Trace Detection of Di-Isopropyl Methyl Phosphonate DIMP, a By-Product, Precursor, and Simulant of Sarin, Using Either Ion Mobility Spectrometry or GC-MS.

Abstract

Di-isopropyl methyl phosphonate (DIMP) has no major commercial uses but is a by-product or a precursor in the synthesis of the nerve agent sarin (GB). Also, DIMP is utilized as a simulant compound for the chemical warfare agents sarin and soman in order to test and calibrate sensitive IMS instrumentation that warns against the deadly chemical weapons. DIMP was measured from 2 ppb_v (15 μg m^-3) to 500 ppb_v in the air using a pocket-held ToF ion mobility spectrometer, model LCD-3.2E, with a non-radioactive ionization source and ammonia doping in positive ion mode. Excellent sensitivity (LoD of 0.24 ppb_v and LoQ of 0.80 ppb_v) was noticed; the linear response was up to 10 ppb_v, while saturation occurred at >500 ppb_v. DIMP identification by IMS relies on the formation of two distinct peaks: the monomer M·NH₄⁺, with a reduced ion mobility K₀ = 1.41 cm² V^-1 s^-1, and the dimer M₂·NH₄⁺, with K₀ = 1.04 cm² V^-1 s^-1 (where M is the DIMP molecule); positive reactant ions (Pos RIP) have K₀ = 2.31 cm² V^-1 s^-1. Quantification of DIMP at trace levels was also achieved by GC-MS over the concentration range of 1.5 to 150 μg mL^-1; using a capillary column (30 m × 0.25 mm × 0.25 μm) with a TG-5 SilMS stationary phase and temperature programming from 60 to 110 °C, DIMP retention time (RT) was ca. 8.5 min.

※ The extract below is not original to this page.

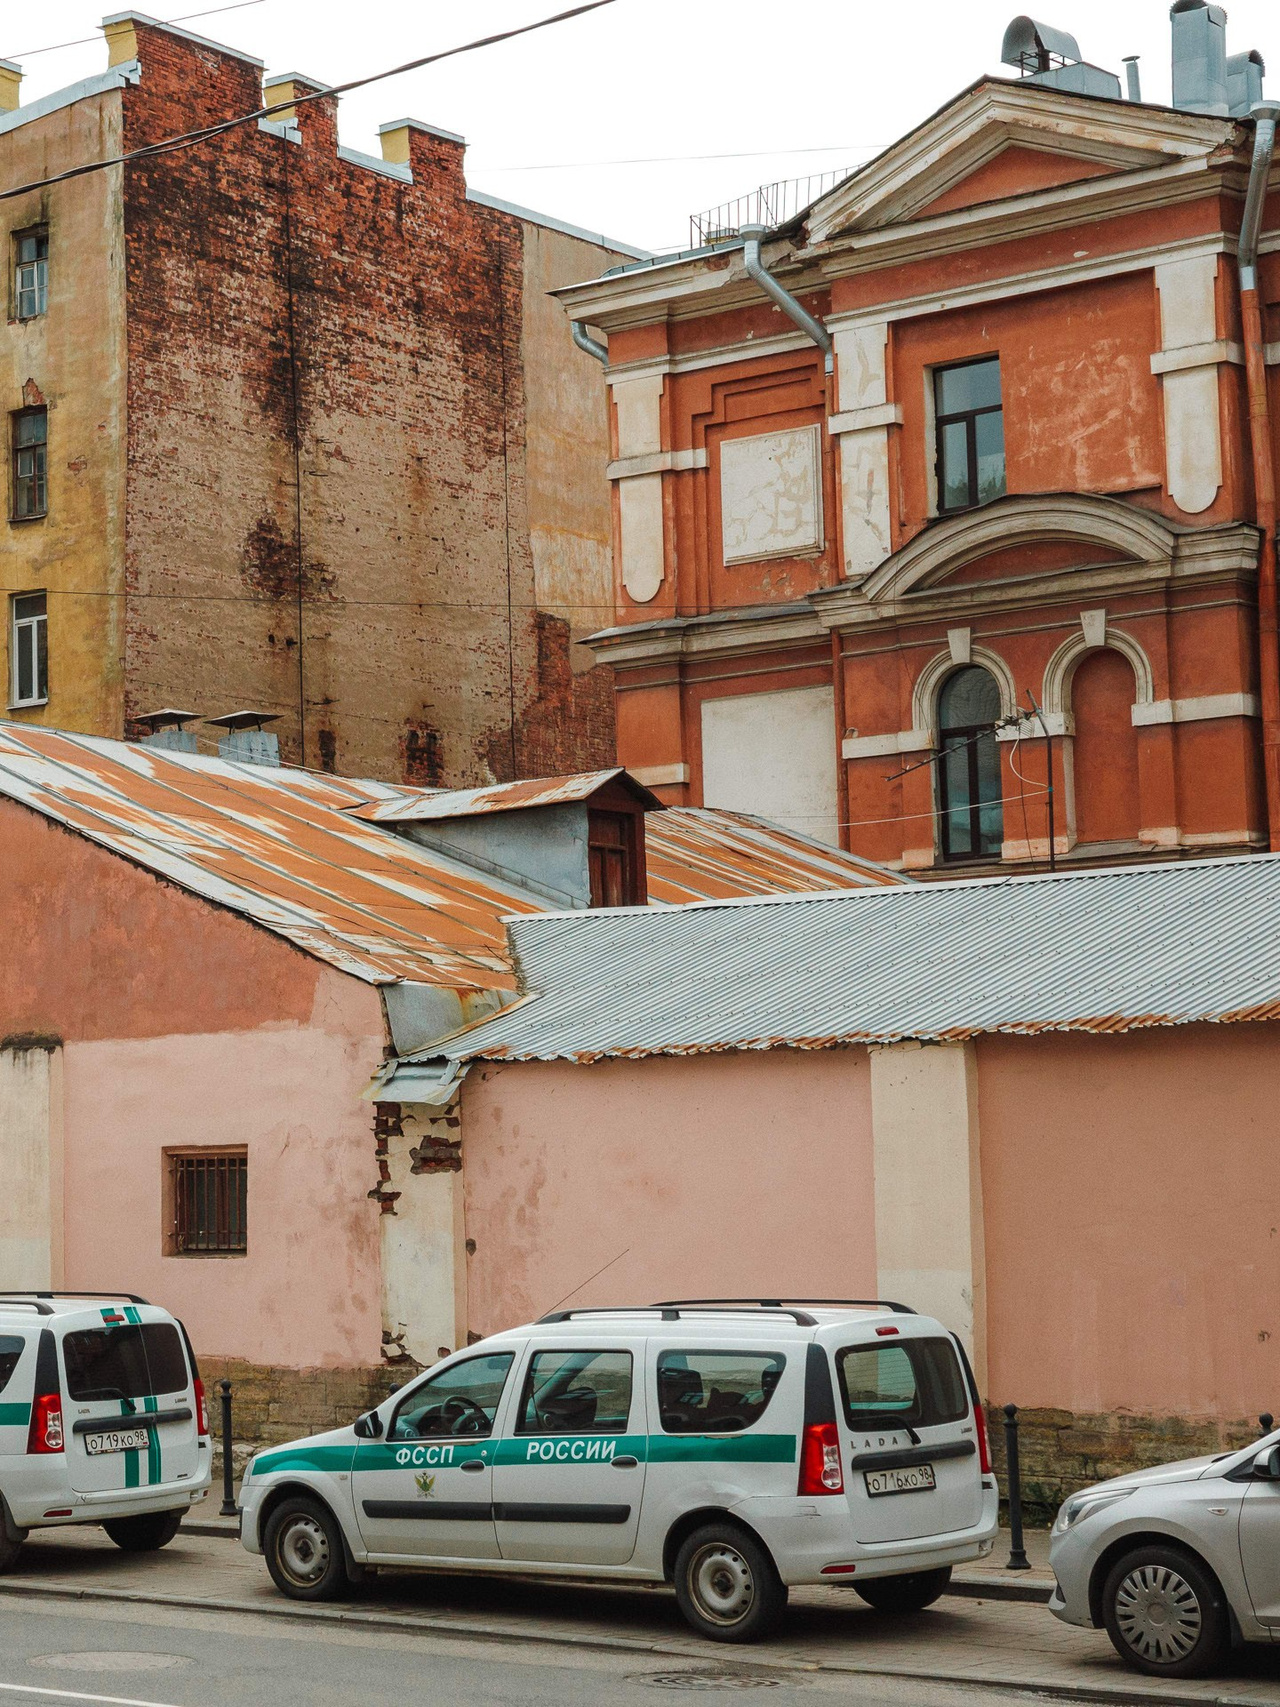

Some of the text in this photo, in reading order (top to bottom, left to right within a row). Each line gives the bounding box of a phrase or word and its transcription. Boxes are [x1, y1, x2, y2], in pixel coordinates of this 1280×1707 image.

[850, 1436, 898, 1449] LADA
[395, 1440, 617, 1465] ФССП РОССИИ

The lowest amount of DIMP measured by GC-MS was 1.5 ng, with an LoD of 0.21 μg mL^-1 and an LoQ of 0.62 μg mL^-1 DIMP. Our results demonstrate that these methods provide robust tools for both on-site and off-site detection and quantification of DIMP at trace levels, a finding which has significant implications for forensic investigations of chemical agent use and for environmental monitoring of contamination by organophosphorus compounds.